Reprint each record exactly. Pictures are not reprinted.
▬▬▬▬▬▬
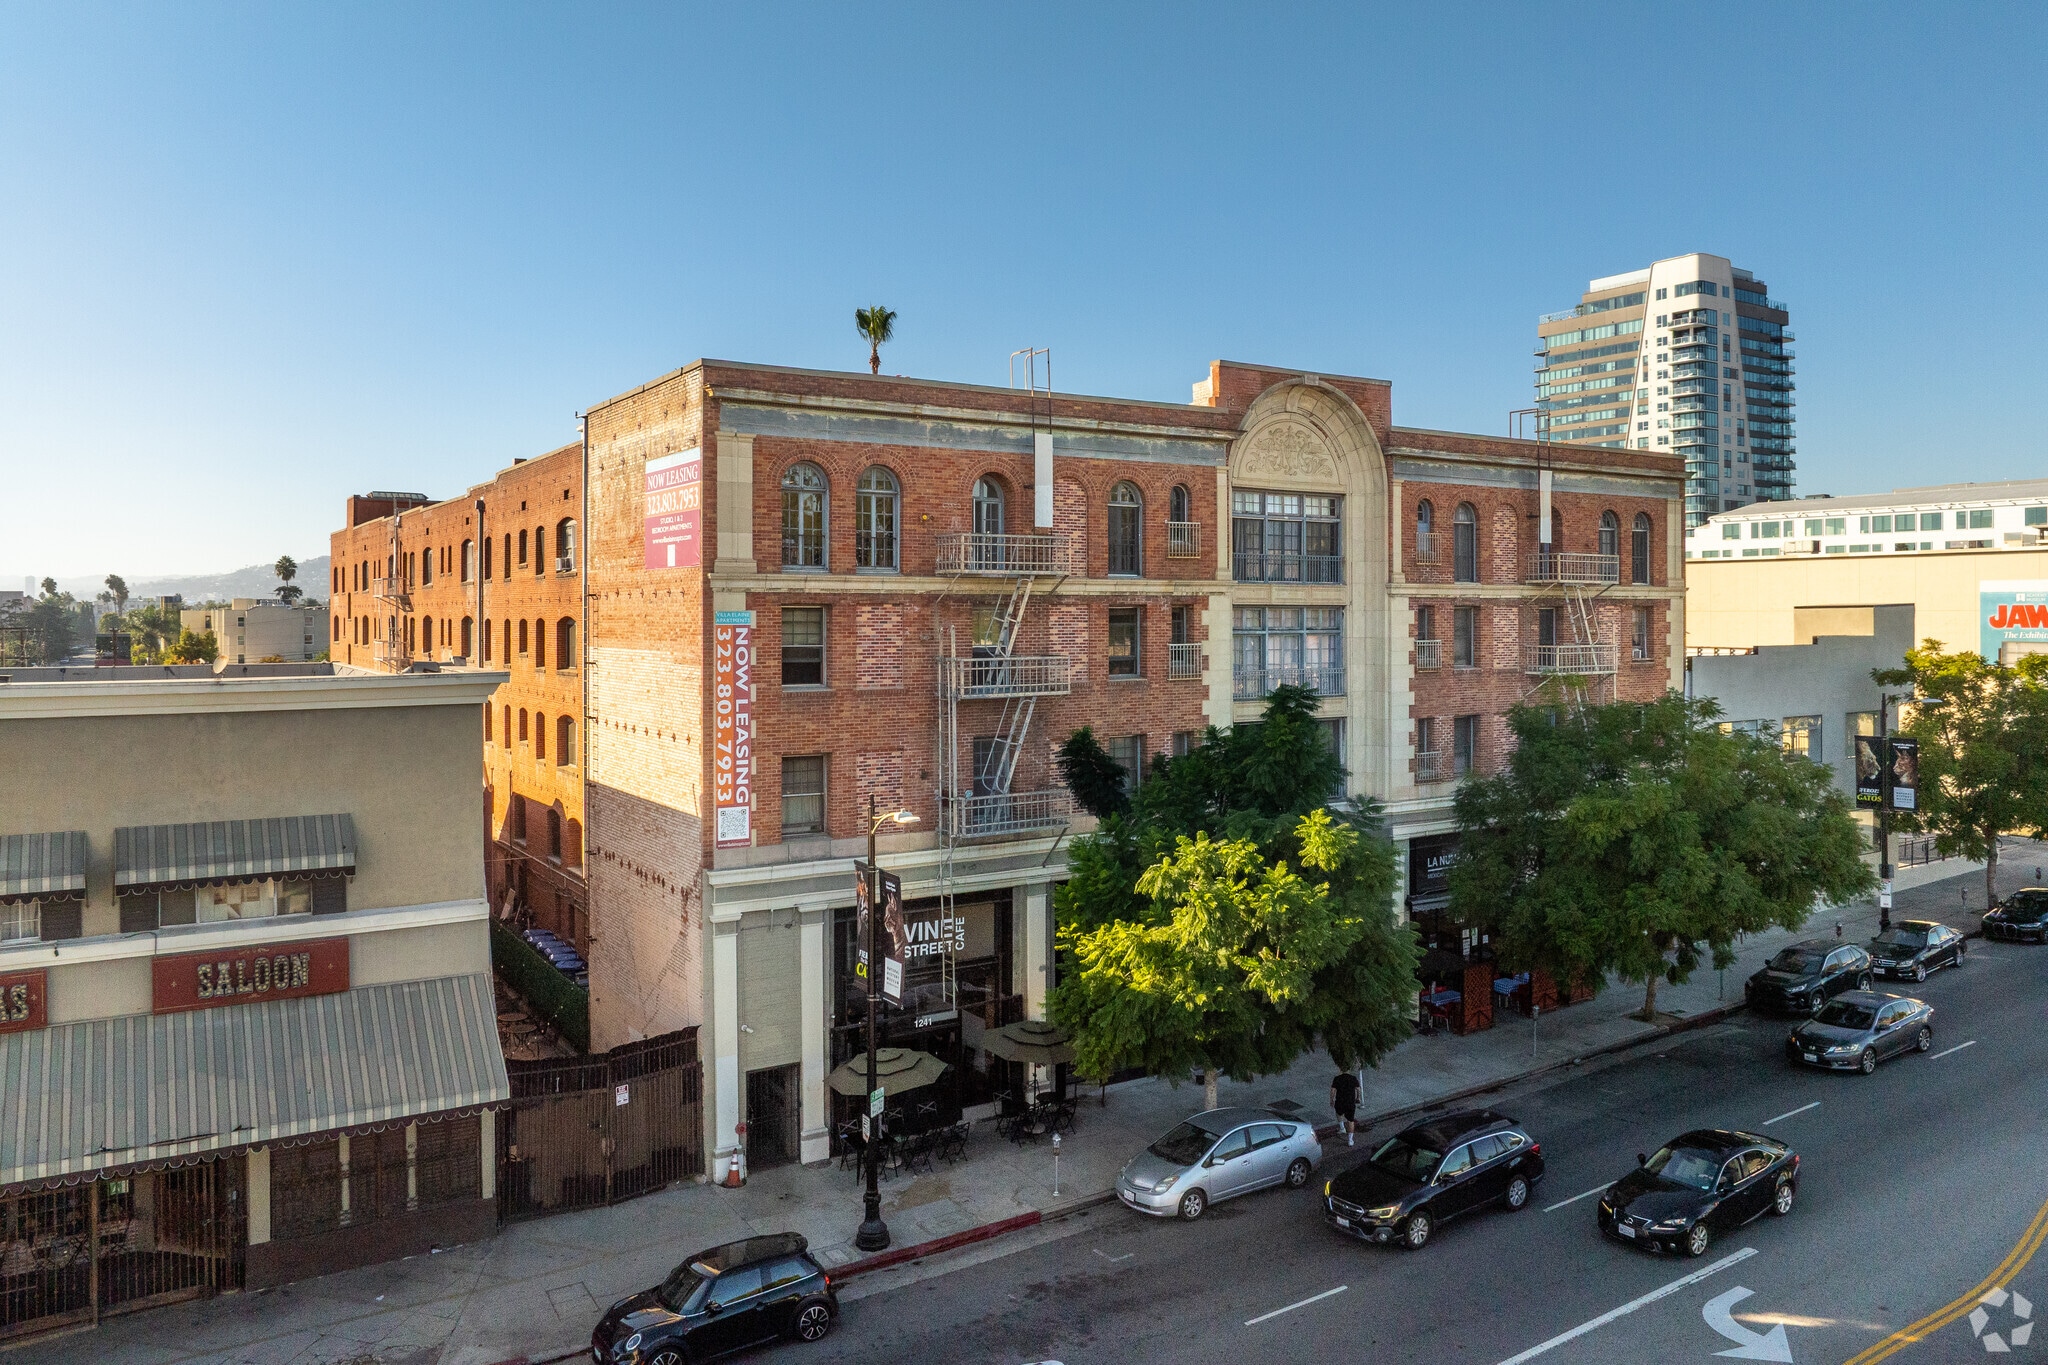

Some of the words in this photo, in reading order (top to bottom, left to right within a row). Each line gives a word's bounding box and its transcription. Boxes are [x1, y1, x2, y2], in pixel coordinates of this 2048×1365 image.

[647, 473, 665, 490] NOW
[666, 464, 698, 486] LEASING
[647, 486, 699, 516] 323.803.7953
[669, 522, 693, 532] APARTMENTS
[2003, 631, 2018, 639] The
[735, 627, 749, 692] NOW
[717, 628, 732, 802] 323.803.7953
[735, 699, 749, 804] LEASING
[1857, 794, 1882, 802] GATOS
[1427, 857, 1438, 867] LA
[903, 918, 953, 943] VINE
[955, 916, 965, 951] CAFE
[904, 940, 953, 959] STREET
[198, 953, 310, 998] SALOON
[914, 1018, 933, 1029] 1241
▬▬▬▬▬▬
TASK RESULT >>
Some of the words in this photo, in reading order (top to bottom, left to right within a row). Each line gives a word's bounding box and its transcription. Boxes are [x1, y1, x2, y2], in pixel coordinates of this 2048×1365 image.

[647, 473, 665, 490] NOW
[666, 464, 698, 486] LEASING
[647, 486, 699, 516] 323.803.7953
[669, 522, 693, 532] APARTMENTS
[2003, 631, 2018, 639] The
[735, 627, 749, 692] NOW
[717, 628, 732, 802] 323.803.7953
[735, 699, 749, 804] LEASING
[1857, 794, 1882, 802] GATOS
[1427, 857, 1438, 867] LA
[903, 918, 953, 943] VINE
[955, 916, 965, 951] CAFE
[904, 940, 953, 959] STREET
[198, 953, 310, 998] SALOON
[914, 1018, 933, 1029] 1241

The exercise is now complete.